Toni Tortorilla remembers being five years old, standing in the back of her church, and feeling a compelling magnetic force drawing her to the altar and to priesthood.
“That’s the only way I can describe it — pulling me to the altar, and in that instance I knew that that’s what I was to do. That’s my life. I knew that,” she says.
Now in her 60s, Tortorilla says that that calling never left her — throughout disappointments, depression, and the turmoil of an evolving church.
Throughout her life, her education and vocation was structured toward the priesthood in a church that didn’t allow it. Through the Second Vatican Council, as the church opened itself up to changes of the 1960s, women had newfound freedoms within the church — except ordination. But following the calling, she says, was in a way, part of the calling.

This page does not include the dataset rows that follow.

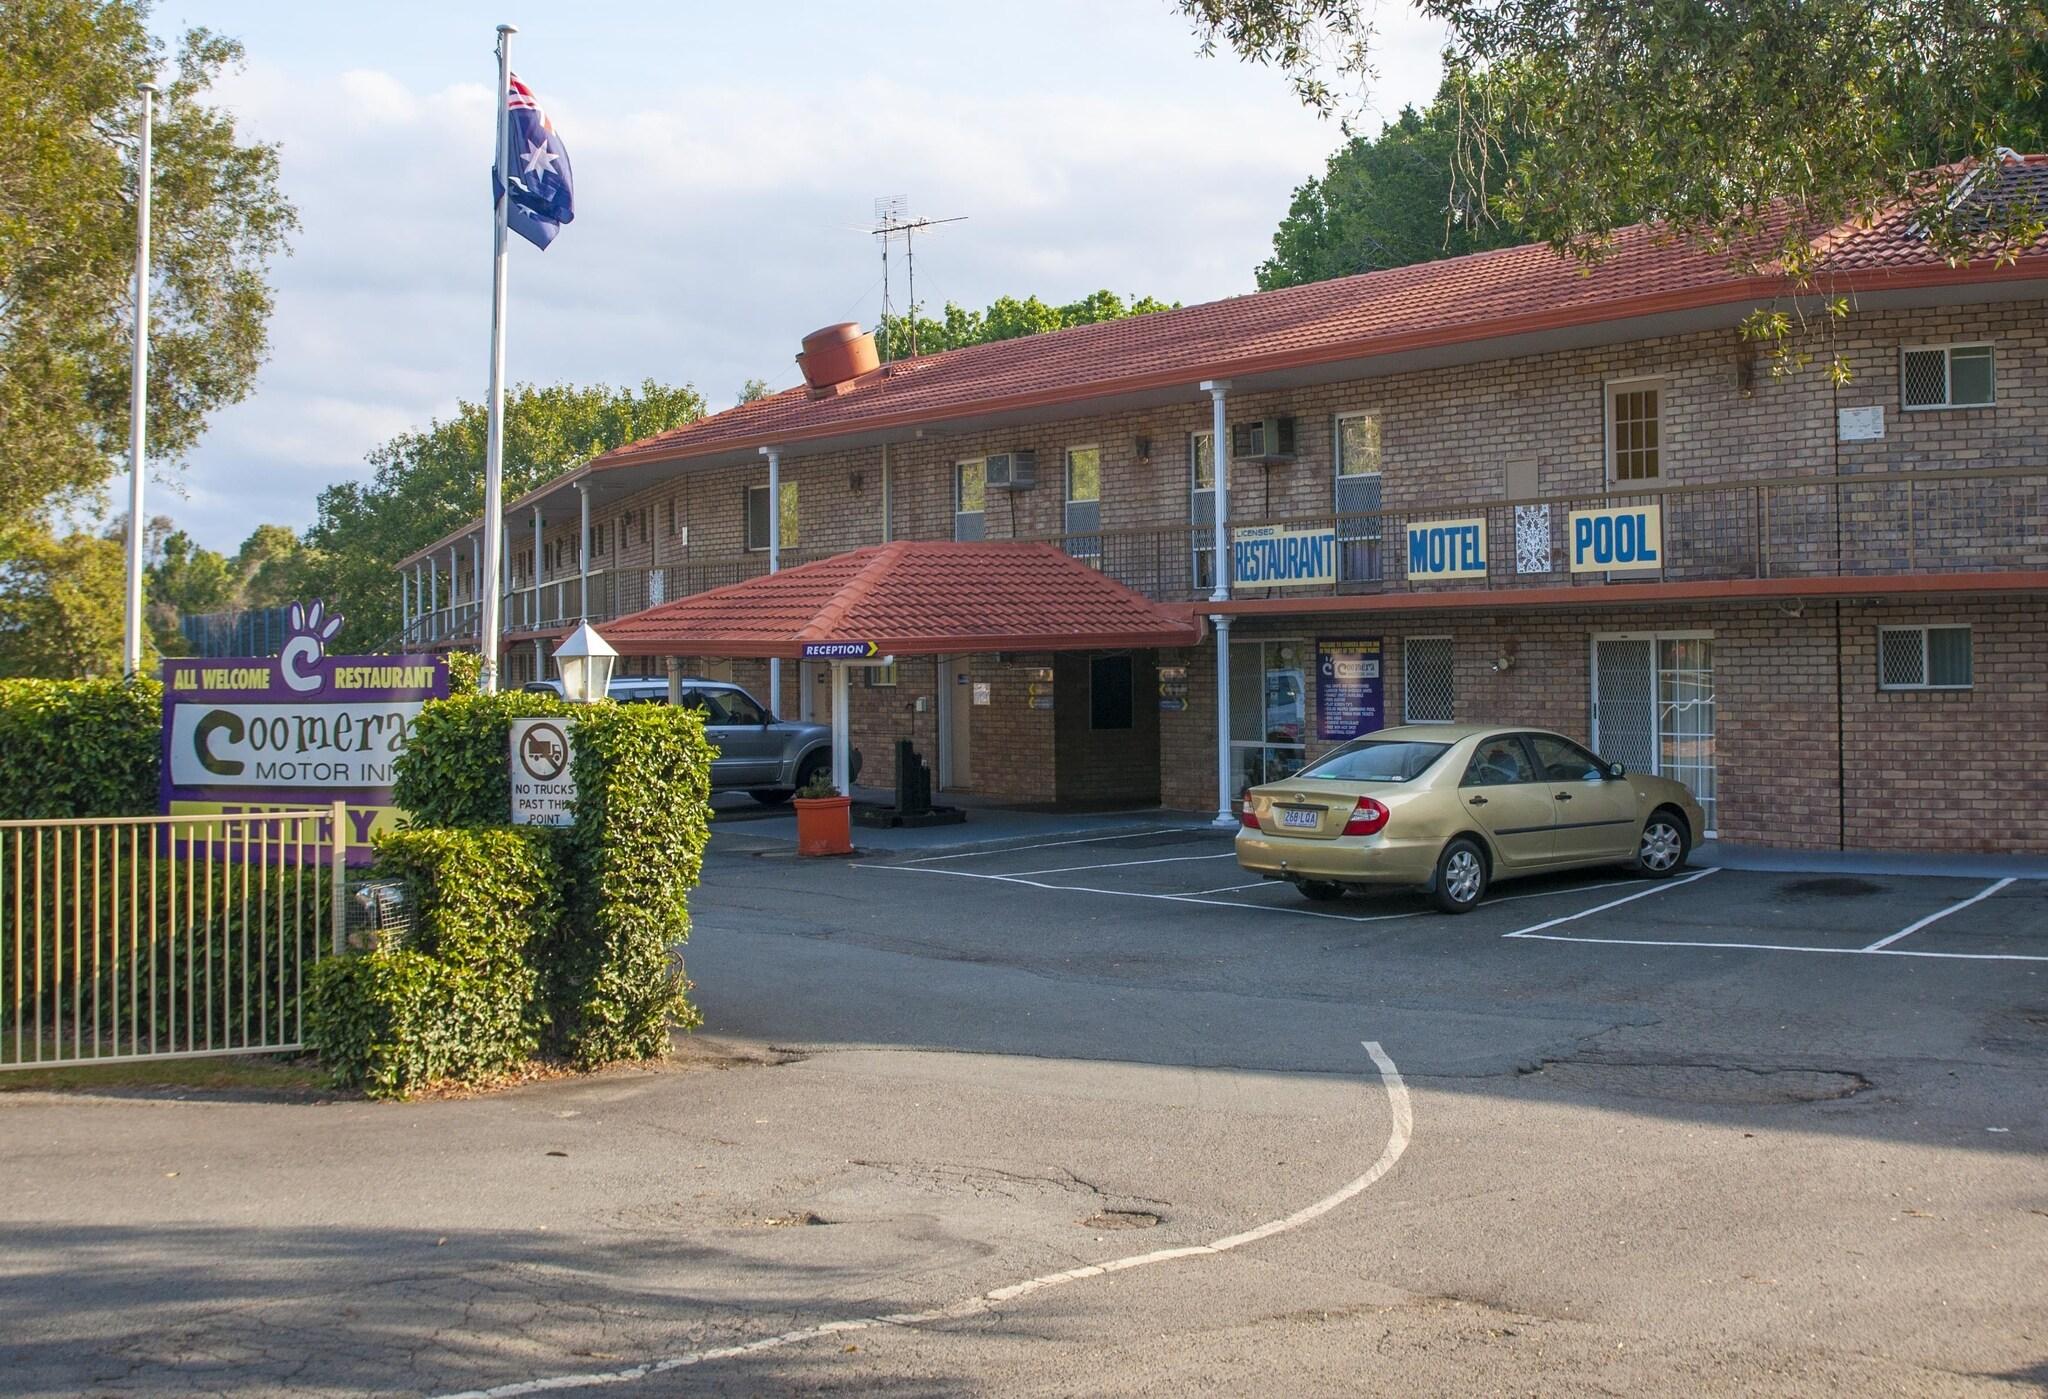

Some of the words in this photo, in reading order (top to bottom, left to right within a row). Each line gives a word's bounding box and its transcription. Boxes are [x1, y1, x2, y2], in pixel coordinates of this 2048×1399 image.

[1236, 527, 1275, 538] LICENSED
[1576, 514, 1657, 565] POOL
[1235, 535, 1335, 582] RESTAURANT
[1409, 525, 1486, 573] MOTEL
[806, 645, 864, 656] RECEPTION
[174, 669, 199, 690] ALL
[202, 668, 271, 690] WELCOME
[335, 666, 436, 689] RESTAURANT
[194, 709, 410, 776] Coomera
[256, 762, 349, 781] MOTOR
[515, 784, 530, 794] NO
[534, 784, 575, 795] TRUCKS
[519, 799, 544, 809] PAST
[530, 814, 561, 824] POINT

With the turn of the century, however, even that began to change. Seven women in Germany were ordained on the Danube River, and the future for Tortorilla and others who felt a similar calling would never be the same. Tortorilla was ordained in 2007. Today she leads services in the Sophia Christi Alternative Catholic Community in Portland and Eugene.
Still, the ordination of women is one of the core disputes between the Vatican and women religious, who have tacitly approved of the practice. For Tortorilla, who also identifies as a lesbian, it is an age-old battle of the sexes still in play.
Joanne Zuhl: At what point did it occur to you that you actually could be a priest?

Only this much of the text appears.